Con motivo del Día Mundial contra el Cáncer, que se celebra cada 4 de febrero, cabe destacar la importancia de concienciar acerca de esta enfermedad y fomentar su prevención.

Señales de alarma: la regla ABCDE

En este sentido, una herramienta práctica muy utilizada para evaluar visualmente las lesiones con pigmento es la regla ABCDE, que explica las diferencias clave entre lunares benignos y posibles melanomas. Desde la farmacia se puede dar a conocer esta sencilla norma para que los pacientes estén alerta ante cualquier cambio en sus lunares:

  • A-Asimetría: generalmente, los melanomas presentan formas irregulares donde una mitad no es igual que la otra, mientras que los lunares comunes suelen ser  simétricos. 
  • B-Borde: los bordes irregulares o poco definidos pueden ser una señal de alarma, a diferencia de los lunares benignos que tienen contornos suaves.
  • C- Color: una lesión cancerígena puede mostrar varios colores, mientras que un lunar corriente normalmente tiene un color uniforme. 
  • D- Diámetro: los melanomas a menudo superan los 6 mm de diámetro y tienden a crecer, en comparación con los lunares que se mantienen estables. 
  • E- Evolución: los cambios en el tamaño, forma o color de una lesión son signos preocupantes y razón clara para la derivación. 

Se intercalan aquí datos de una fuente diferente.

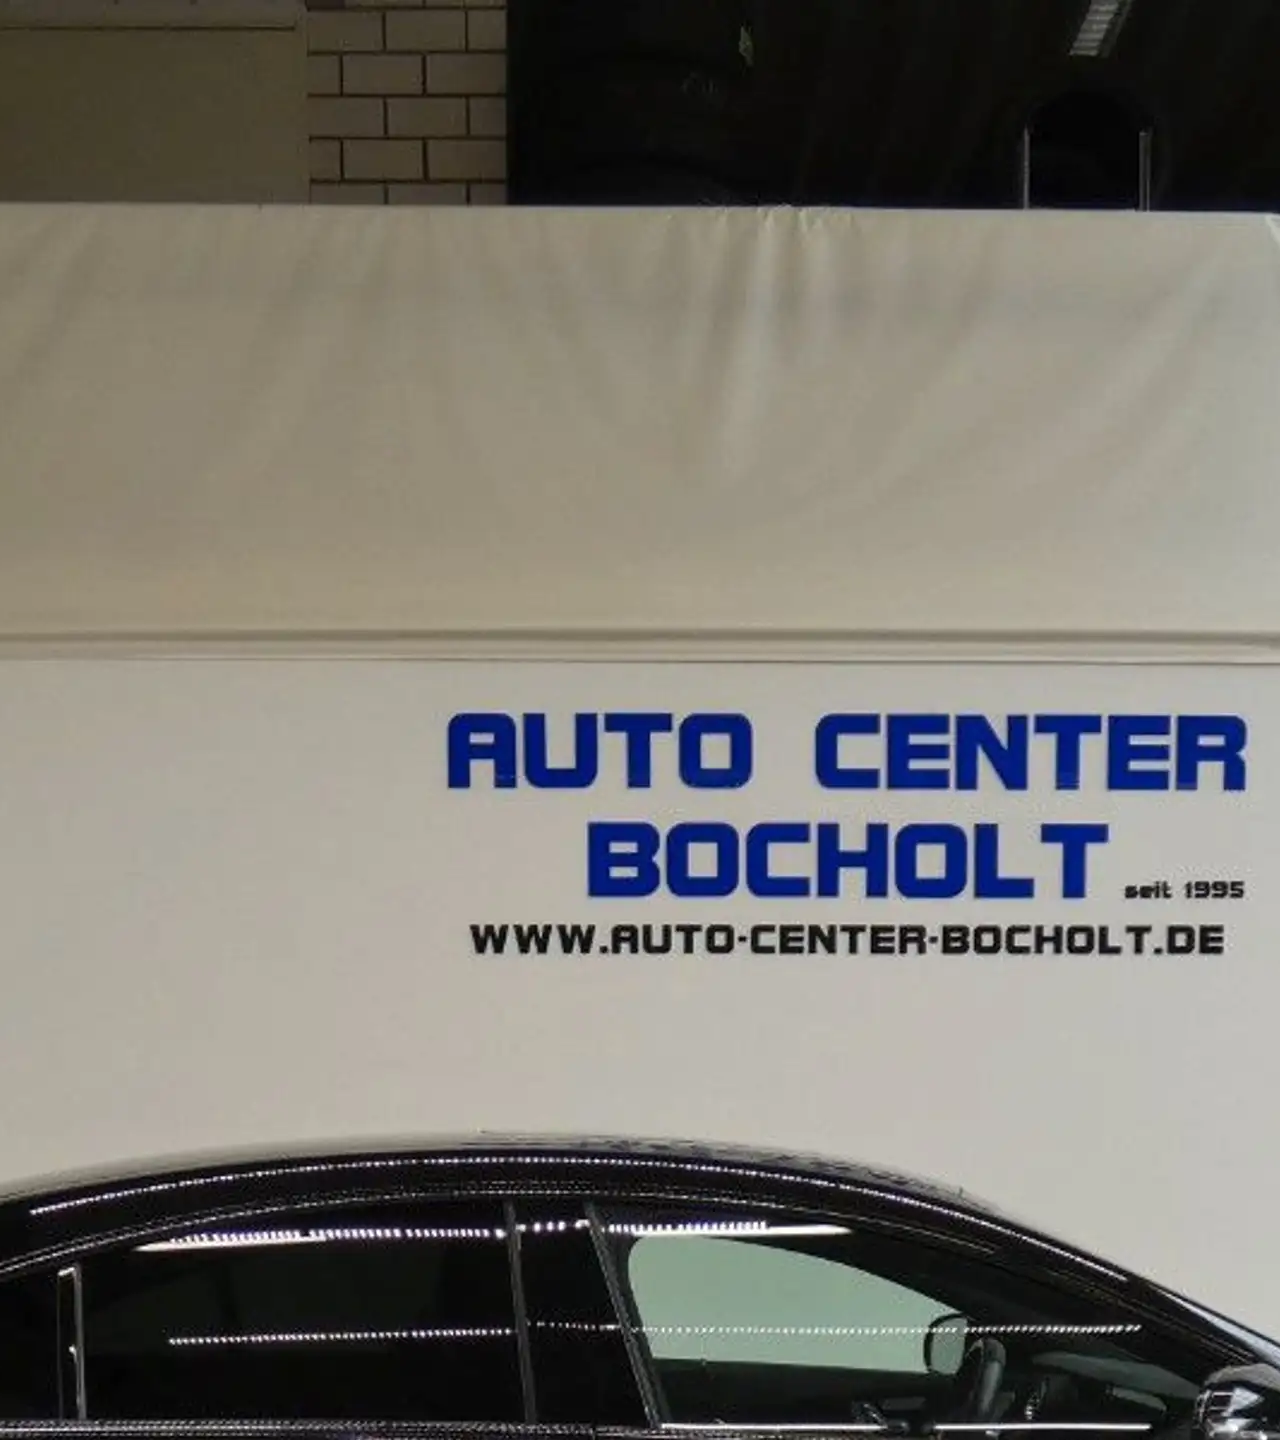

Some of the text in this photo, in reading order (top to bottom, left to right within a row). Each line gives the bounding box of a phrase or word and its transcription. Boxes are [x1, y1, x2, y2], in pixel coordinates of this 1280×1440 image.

Además de la regla ABCDE, existe también el signo del “patito feo”, que identifica una lesión que se sale notablemente del patrón de otros lunares del mismo paciente y puede ser útil para detectar anomalías. 

Características clínicas y seguimiento

Los lunares benignos suelen mantenerse estables a lo largo del tiempo, con un color homogéneo y una superficie plana o ligeramente elevada sin ningún otro síntoma asociado. Por el contrario, los melanomas pueden estar vinculados a síntomas como picor, sangrado o la aparición de úlceras y pueden cambiar rápidamente. 

En el ámbito farmacéutico, es fundamental recordar que, aunque la evaluación visual y la regla ABCDE ayudan a generar sospechas, no reemplazan un diagnóstico médico ni las pruebas definitivas como la biopsia dermatológica.